▸ Work instruction
With the images set aside, retype every record below character for character.

[Referring expression grounding data]
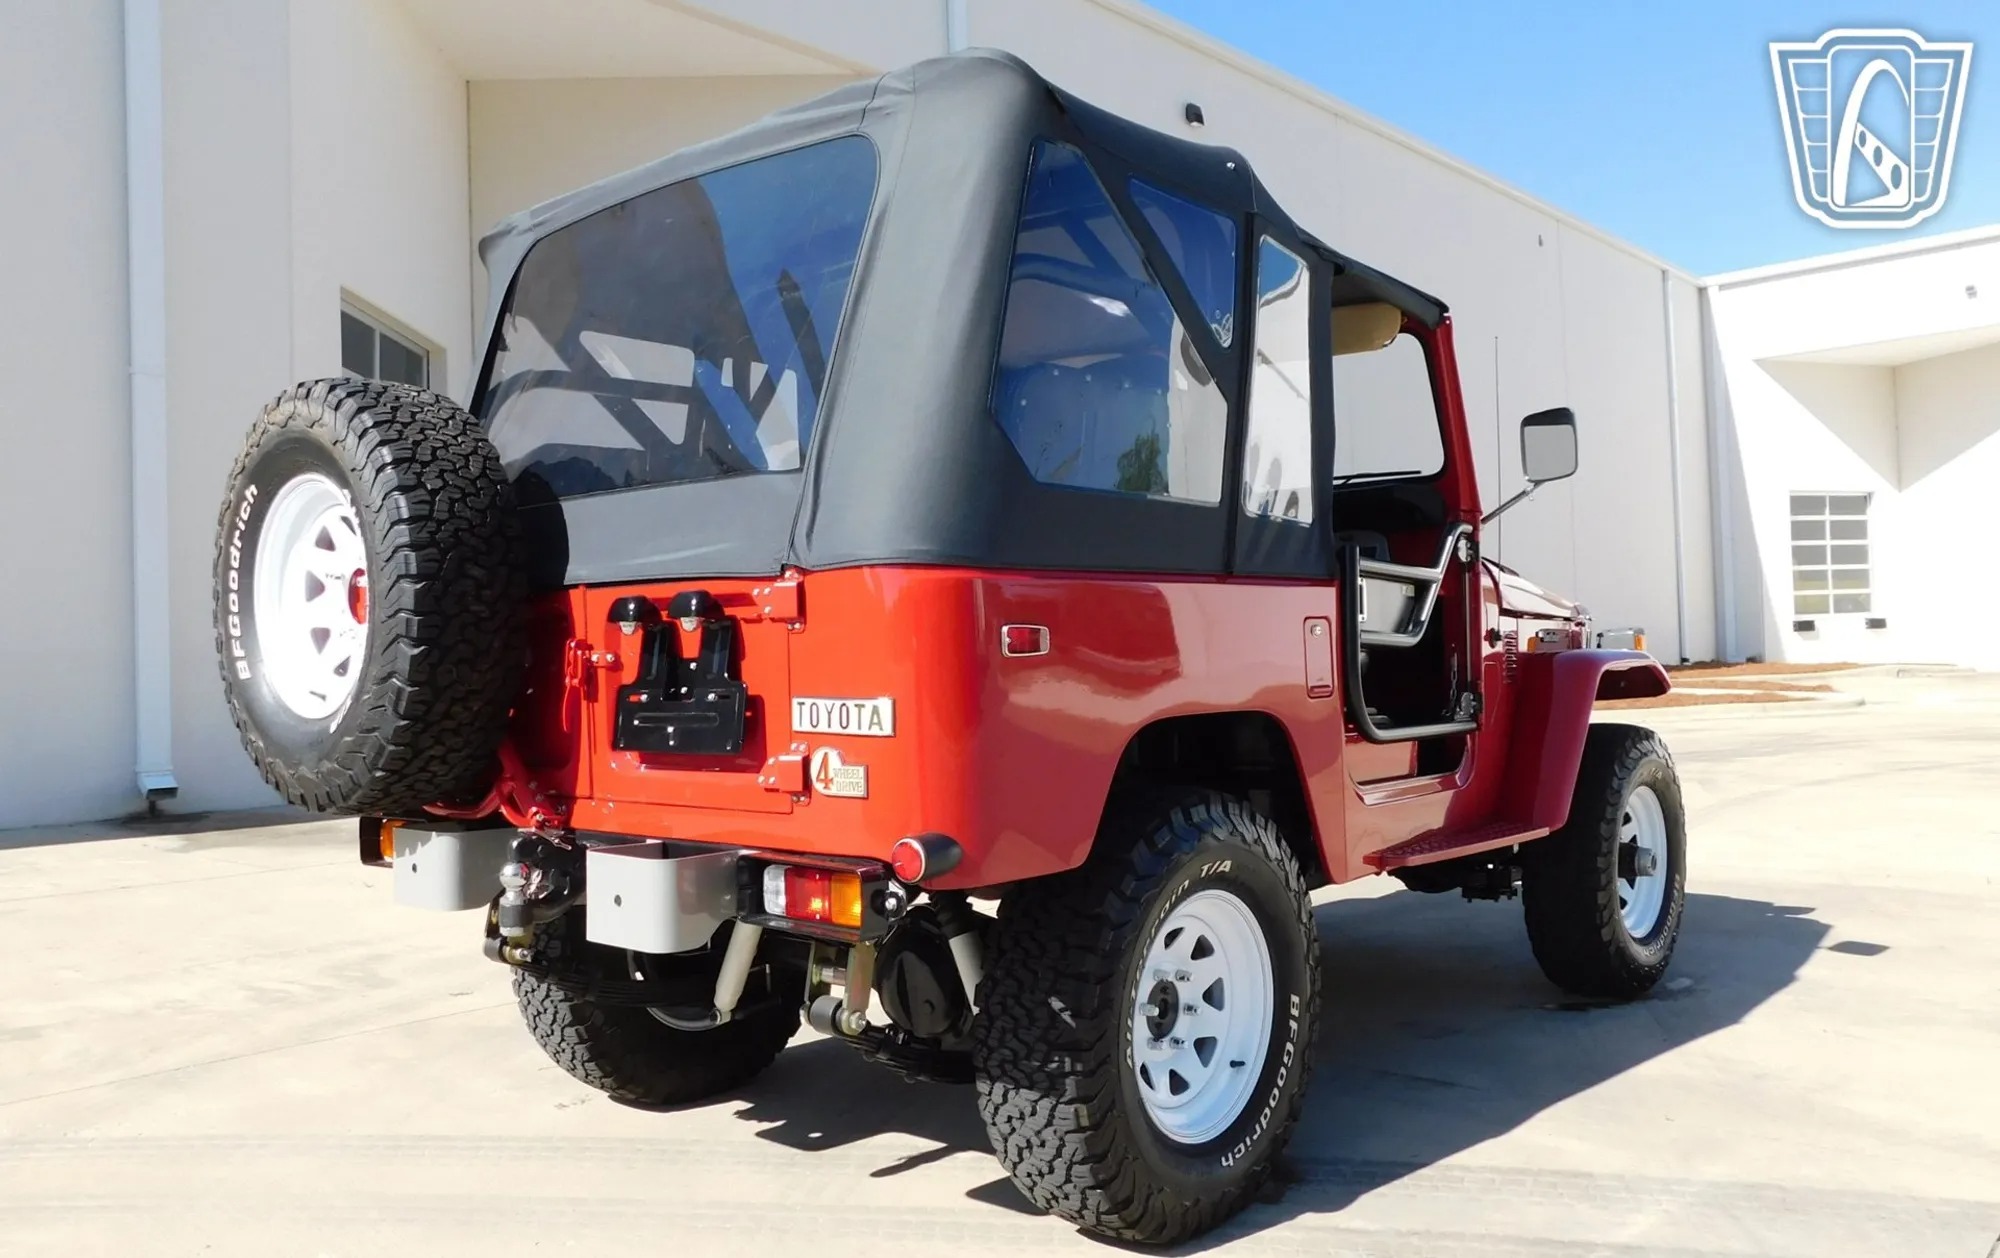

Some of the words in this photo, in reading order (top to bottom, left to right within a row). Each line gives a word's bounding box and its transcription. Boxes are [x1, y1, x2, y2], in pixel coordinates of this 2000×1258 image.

[228, 484, 259, 681] BFGoodrich
[796, 701, 884, 731] TOYOTA
[815, 751, 834, 791] 4
[832, 767, 863, 780] WHEEL
[835, 781, 863, 793] DRIVE
[1200, 860, 1232, 878] T/A
[1220, 993, 1300, 1168] BFGoodrich
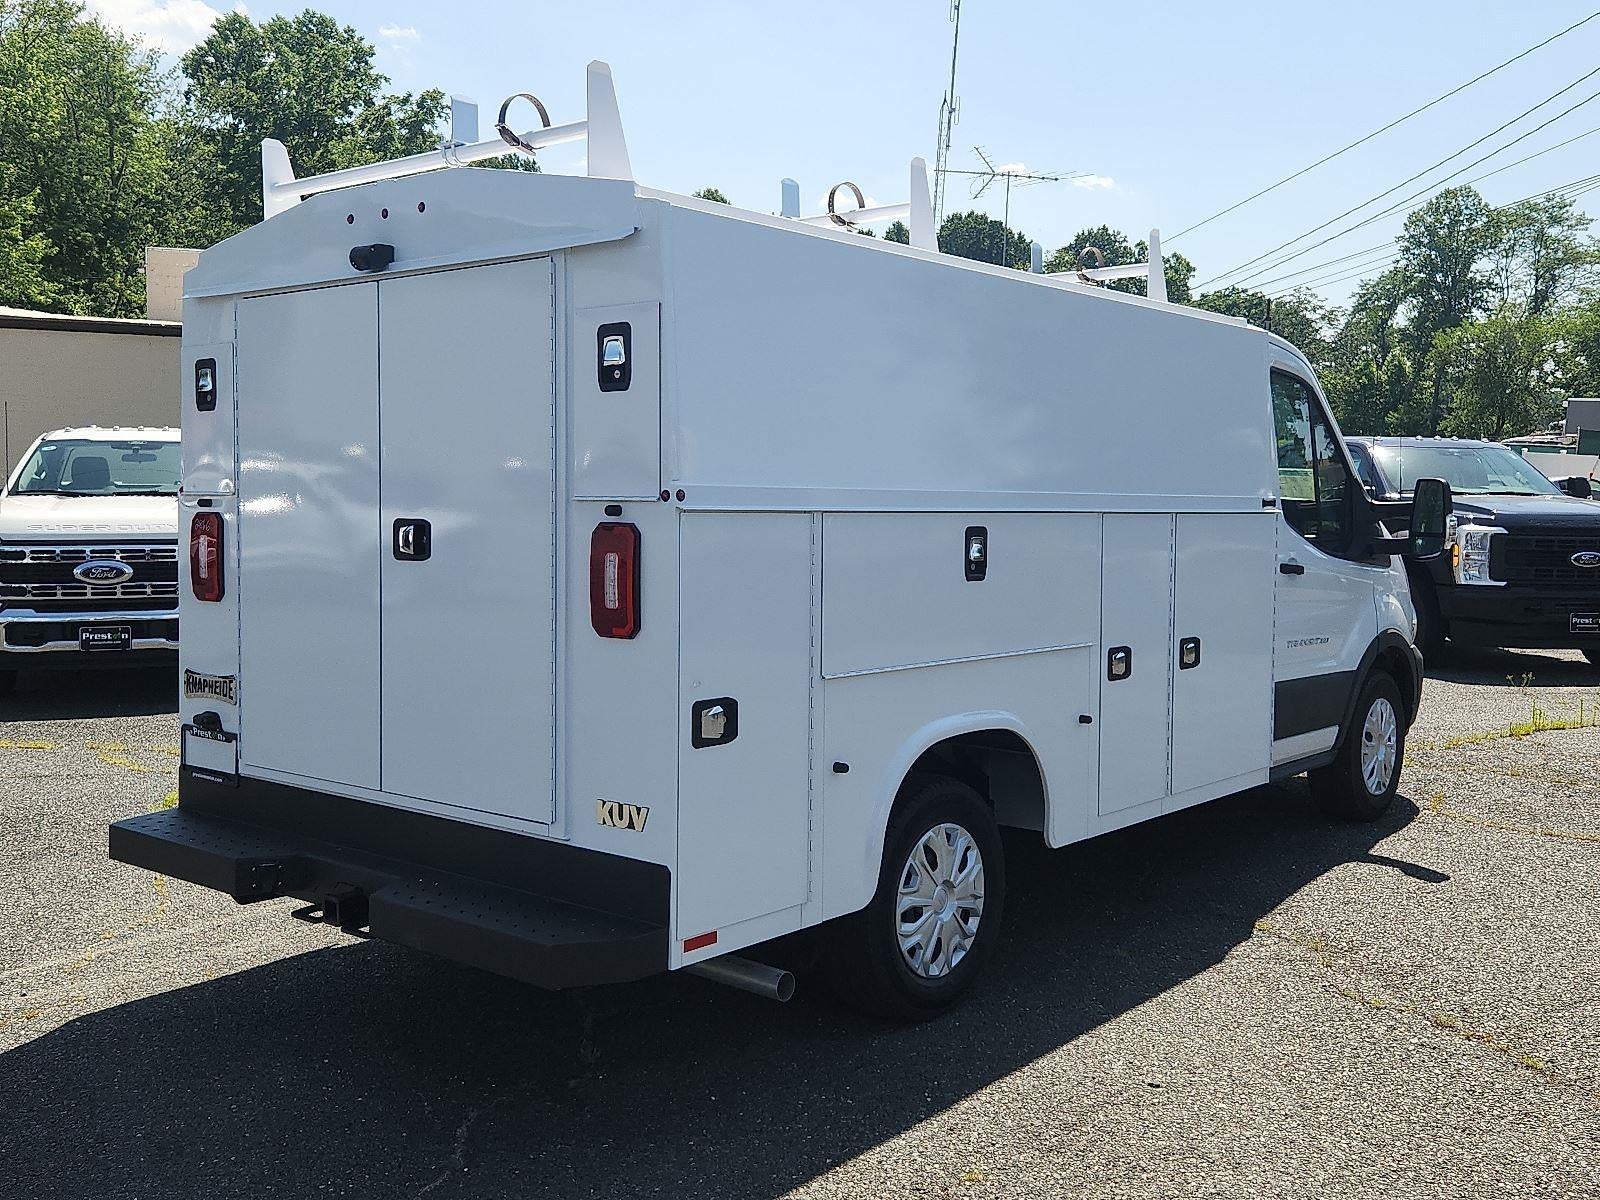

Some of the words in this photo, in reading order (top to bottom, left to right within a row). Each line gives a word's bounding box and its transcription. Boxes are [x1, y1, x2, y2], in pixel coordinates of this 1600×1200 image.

[27, 523, 111, 532] SUPER
[117, 522, 178, 532] DUTY
[1580, 553, 1600, 564] Ford
[89, 567, 117, 579] Ford
[185, 673, 235, 701] KNAPHEIDE
[596, 798, 650, 832] KUV
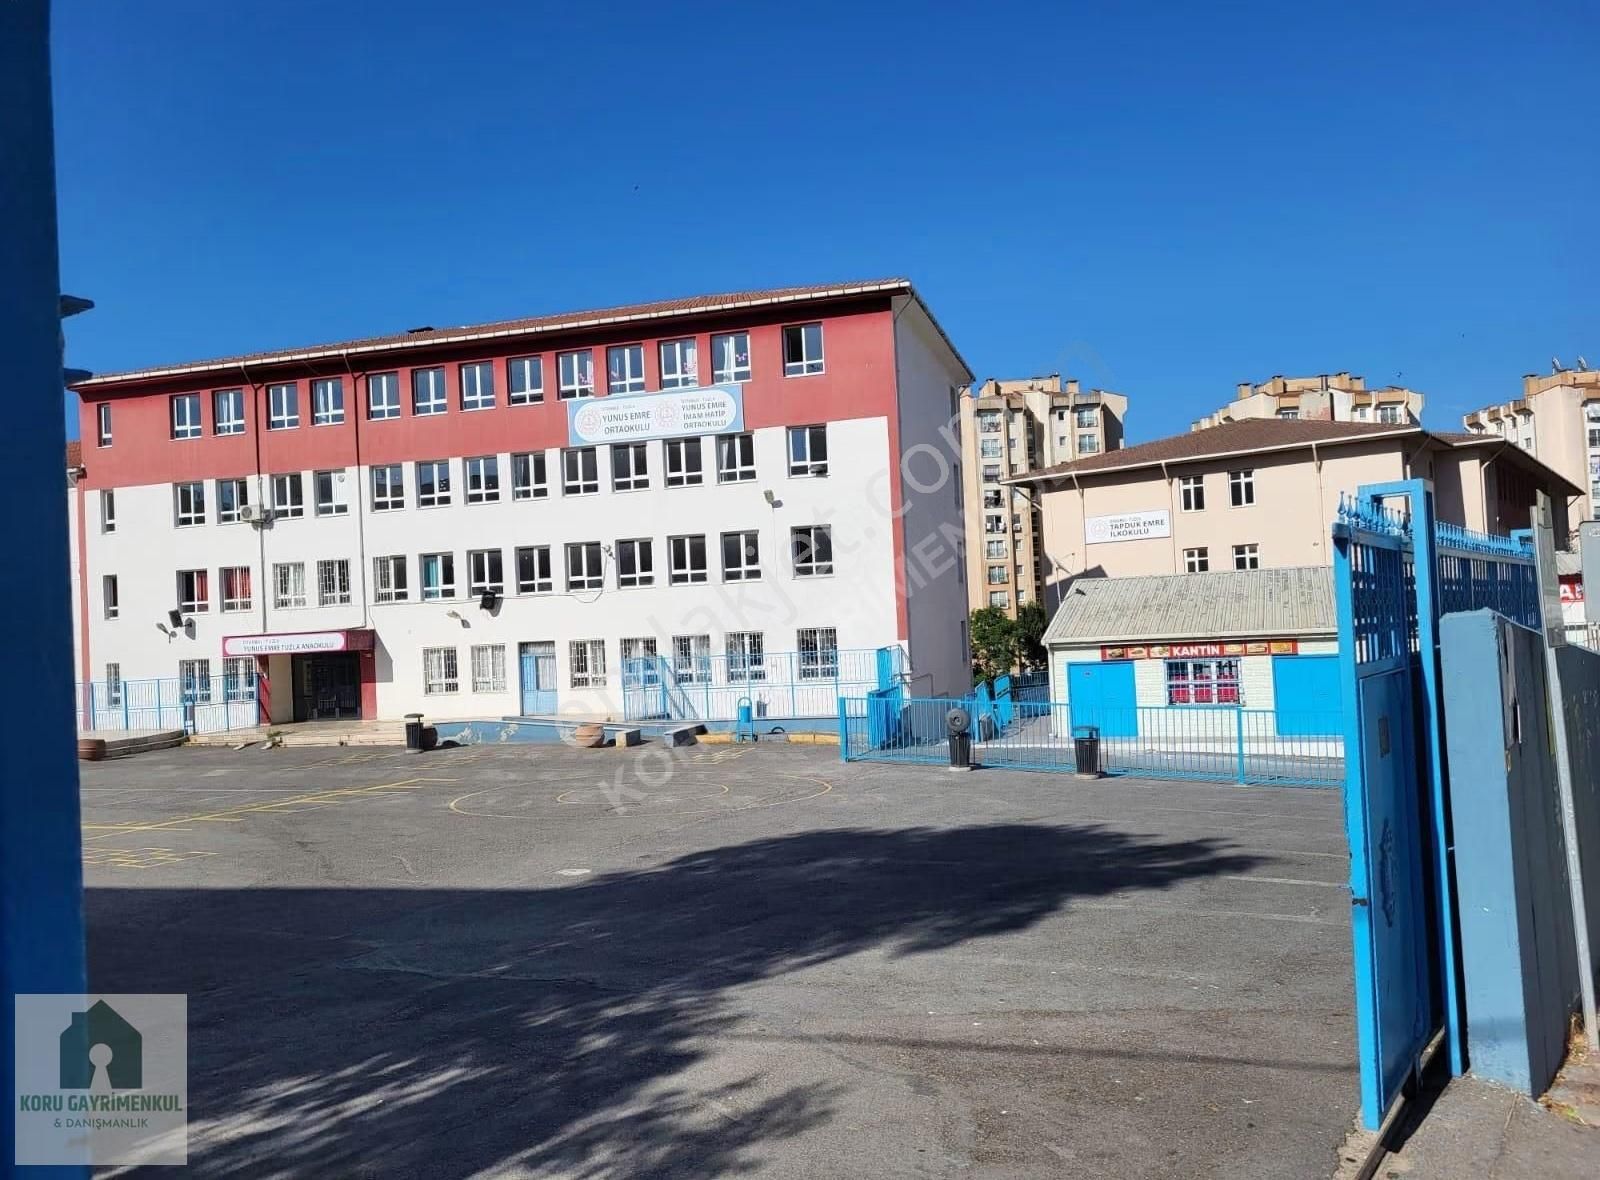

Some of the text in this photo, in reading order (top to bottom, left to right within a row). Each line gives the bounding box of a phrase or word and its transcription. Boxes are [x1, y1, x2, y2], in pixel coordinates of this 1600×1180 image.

[682, 402, 706, 411] YUNUS
[602, 410, 651, 423] YUNUS EMRE
[604, 422, 650, 435] ORTAOKULU
[683, 419, 727, 430] ORTAOKULU
[1110, 521, 1141, 530] TAPDUK
[1143, 518, 1165, 527] EMRE
[281, 643, 300, 651] TUZLA
[1172, 644, 1220, 656] KANTİN

▸ Expected answer
Some of the words in this photo, in reading order (top to bottom, left to right within a row). Each line gives a word's bounding box and its transcription. Boxes are [x1, y1, x2, y2], in pixel coordinates of this 2000×1258 image.

[228, 484, 259, 681] BFGoodrich
[796, 701, 884, 731] TOYOTA
[815, 751, 834, 791] 4
[832, 767, 863, 780] WHEEL
[835, 781, 863, 793] DRIVE
[1200, 860, 1232, 878] T/A
[1220, 993, 1300, 1168] BFGoodrich

Some of the words in this photo, in reading order (top to bottom, left to right within a row). Each line gives a word's bounding box and its transcription. Boxes are [x1, y1, x2, y2], in pixel coordinates of this 1600×1200 image.

[27, 523, 111, 532] SUPER
[117, 522, 178, 532] DUTY
[1580, 553, 1600, 564] Ford
[89, 567, 117, 579] Ford
[185, 673, 235, 701] KNAPHEIDE
[596, 798, 650, 832] KUV

Some of the text in this photo, in reading order (top to bottom, left to right within a row). Each line gives the bounding box of a phrase or word and its transcription. Boxes are [x1, y1, x2, y2], in pixel coordinates of this 1600×1180 image.

[682, 402, 706, 411] YUNUS
[602, 410, 651, 423] YUNUS EMRE
[604, 422, 650, 435] ORTAOKULU
[683, 419, 727, 430] ORTAOKULU
[1110, 521, 1141, 530] TAPDUK
[1143, 518, 1165, 527] EMRE
[281, 643, 300, 651] TUZLA
[1172, 644, 1220, 656] KANTİN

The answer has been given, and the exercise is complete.